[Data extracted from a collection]
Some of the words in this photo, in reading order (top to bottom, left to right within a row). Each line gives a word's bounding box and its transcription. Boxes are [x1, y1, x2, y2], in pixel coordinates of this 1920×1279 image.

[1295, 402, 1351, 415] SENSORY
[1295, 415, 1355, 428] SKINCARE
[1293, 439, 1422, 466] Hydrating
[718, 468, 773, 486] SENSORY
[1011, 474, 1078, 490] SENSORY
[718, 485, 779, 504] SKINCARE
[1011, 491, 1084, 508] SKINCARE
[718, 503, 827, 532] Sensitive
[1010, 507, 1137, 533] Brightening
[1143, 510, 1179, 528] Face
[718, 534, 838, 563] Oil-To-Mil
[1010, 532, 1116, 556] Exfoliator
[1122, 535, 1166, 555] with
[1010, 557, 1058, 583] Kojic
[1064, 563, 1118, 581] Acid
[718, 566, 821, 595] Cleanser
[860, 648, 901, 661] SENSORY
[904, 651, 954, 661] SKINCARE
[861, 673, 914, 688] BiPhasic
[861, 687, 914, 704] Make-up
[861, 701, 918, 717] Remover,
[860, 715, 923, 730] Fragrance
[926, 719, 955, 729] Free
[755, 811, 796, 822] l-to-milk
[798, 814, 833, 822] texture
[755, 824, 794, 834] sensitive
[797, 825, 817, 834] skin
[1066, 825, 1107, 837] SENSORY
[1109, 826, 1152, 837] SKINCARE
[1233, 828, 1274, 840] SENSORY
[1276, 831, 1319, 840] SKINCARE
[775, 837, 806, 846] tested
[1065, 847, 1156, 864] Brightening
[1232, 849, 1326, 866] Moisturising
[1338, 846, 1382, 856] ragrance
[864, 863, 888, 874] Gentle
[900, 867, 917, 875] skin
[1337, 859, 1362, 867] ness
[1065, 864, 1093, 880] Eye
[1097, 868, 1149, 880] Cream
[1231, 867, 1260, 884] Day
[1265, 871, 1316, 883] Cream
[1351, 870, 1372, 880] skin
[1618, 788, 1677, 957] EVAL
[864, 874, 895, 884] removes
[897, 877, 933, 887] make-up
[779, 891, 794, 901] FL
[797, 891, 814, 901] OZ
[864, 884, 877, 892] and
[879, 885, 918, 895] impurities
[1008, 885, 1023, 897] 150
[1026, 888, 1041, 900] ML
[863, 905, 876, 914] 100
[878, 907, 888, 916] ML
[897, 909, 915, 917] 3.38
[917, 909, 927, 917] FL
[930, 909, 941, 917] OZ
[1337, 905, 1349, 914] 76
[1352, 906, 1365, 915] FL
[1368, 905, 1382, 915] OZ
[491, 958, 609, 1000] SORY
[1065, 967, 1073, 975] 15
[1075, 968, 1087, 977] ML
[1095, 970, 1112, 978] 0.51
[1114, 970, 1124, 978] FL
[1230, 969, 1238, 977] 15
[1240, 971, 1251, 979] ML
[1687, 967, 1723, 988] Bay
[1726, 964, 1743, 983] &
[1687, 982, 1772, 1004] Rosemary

About this exercise —
Working through the records, find each line containing the word "Cream" and copy it.

Written reply —
[1097, 868, 1149, 880] Cream
[1265, 871, 1316, 883] Cream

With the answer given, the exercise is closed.